##### Record extracts

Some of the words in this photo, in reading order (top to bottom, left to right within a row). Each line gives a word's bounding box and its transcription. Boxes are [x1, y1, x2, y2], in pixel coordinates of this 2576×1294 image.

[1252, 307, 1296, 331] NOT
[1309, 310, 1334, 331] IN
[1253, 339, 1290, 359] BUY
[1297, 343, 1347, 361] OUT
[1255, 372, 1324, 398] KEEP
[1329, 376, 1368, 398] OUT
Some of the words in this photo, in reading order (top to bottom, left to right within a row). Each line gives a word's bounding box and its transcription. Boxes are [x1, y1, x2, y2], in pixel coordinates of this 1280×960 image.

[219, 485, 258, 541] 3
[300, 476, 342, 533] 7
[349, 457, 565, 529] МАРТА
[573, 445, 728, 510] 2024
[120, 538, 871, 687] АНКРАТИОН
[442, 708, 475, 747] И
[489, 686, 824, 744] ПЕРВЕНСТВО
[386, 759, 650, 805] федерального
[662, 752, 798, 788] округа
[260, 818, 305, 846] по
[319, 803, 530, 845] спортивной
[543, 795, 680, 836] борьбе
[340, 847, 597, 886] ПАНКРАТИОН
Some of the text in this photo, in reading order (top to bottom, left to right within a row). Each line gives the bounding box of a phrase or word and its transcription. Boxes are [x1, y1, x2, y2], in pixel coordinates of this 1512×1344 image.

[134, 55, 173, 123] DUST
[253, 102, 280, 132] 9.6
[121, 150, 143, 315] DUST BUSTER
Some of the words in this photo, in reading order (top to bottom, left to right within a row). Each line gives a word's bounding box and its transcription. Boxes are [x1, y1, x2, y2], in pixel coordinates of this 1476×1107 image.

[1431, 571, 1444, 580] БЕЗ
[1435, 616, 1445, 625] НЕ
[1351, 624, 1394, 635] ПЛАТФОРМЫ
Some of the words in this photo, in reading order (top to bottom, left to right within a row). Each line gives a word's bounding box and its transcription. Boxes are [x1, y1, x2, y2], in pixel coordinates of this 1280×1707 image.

##########

→ Your instructions
This exercise calls for every record above to be written out again exactly.

→ The answer
Some of the words in this photo, in reading order (top to bottom, left to right within a row). Each line gives a word's bounding box and its transcription. Boxes are [x1, y1, x2, y2], in pixel coordinates of this 2576×1294 image.

[1252, 307, 1296, 331] NOT
[1309, 310, 1334, 331] IN
[1253, 339, 1290, 359] BUY
[1297, 343, 1347, 361] OUT
[1255, 372, 1324, 398] KEEP
[1329, 376, 1368, 398] OUT
Some of the words in this photo, in reading order (top to bottom, left to right within a row). Each line gives a word's bounding box and its transcription. Boxes are [x1, y1, x2, y2], in pixel coordinates of this 1280×960 image.

[219, 485, 258, 541] 3
[300, 476, 342, 533] 7
[349, 457, 565, 529] МАРТА
[573, 445, 728, 510] 2024
[120, 538, 871, 687] АНКРАТИОН
[442, 708, 475, 747] И
[489, 686, 824, 744] ПЕРВЕНСТВО
[386, 759, 650, 805] федерального
[662, 752, 798, 788] округа
[260, 818, 305, 846] по
[319, 803, 530, 845] спортивной
[543, 795, 680, 836] борьбе
[340, 847, 597, 886] ПАНКРАТИОН
Some of the text in this photo, in reading order (top to bottom, left to right within a row). Each line gives the bounding box of a phrase or word and its transcription. Boxes are [x1, y1, x2, y2], in pixel coordinates of this 1512×1344 image.

[134, 55, 173, 123] DUST
[253, 102, 280, 132] 9.6
[121, 150, 143, 315] DUST BUSTER
Some of the words in this photo, in reading order (top to bottom, left to right within a row). Each line gives a word's bounding box and its transcription. Boxes are [x1, y1, x2, y2], in pixel coordinates of this 1476×1107 image.

[1431, 571, 1444, 580] БЕЗ
[1435, 616, 1445, 625] НЕ
[1351, 624, 1394, 635] ПЛАТФОРМЫ
Some of the words in this photo, in reading order (top to bottom, left to right within a row). Each line gives a word's bounding box and its transcription. Boxes are [x1, y1, x2, y2], in pixel coordinates of this 1280×1707 image.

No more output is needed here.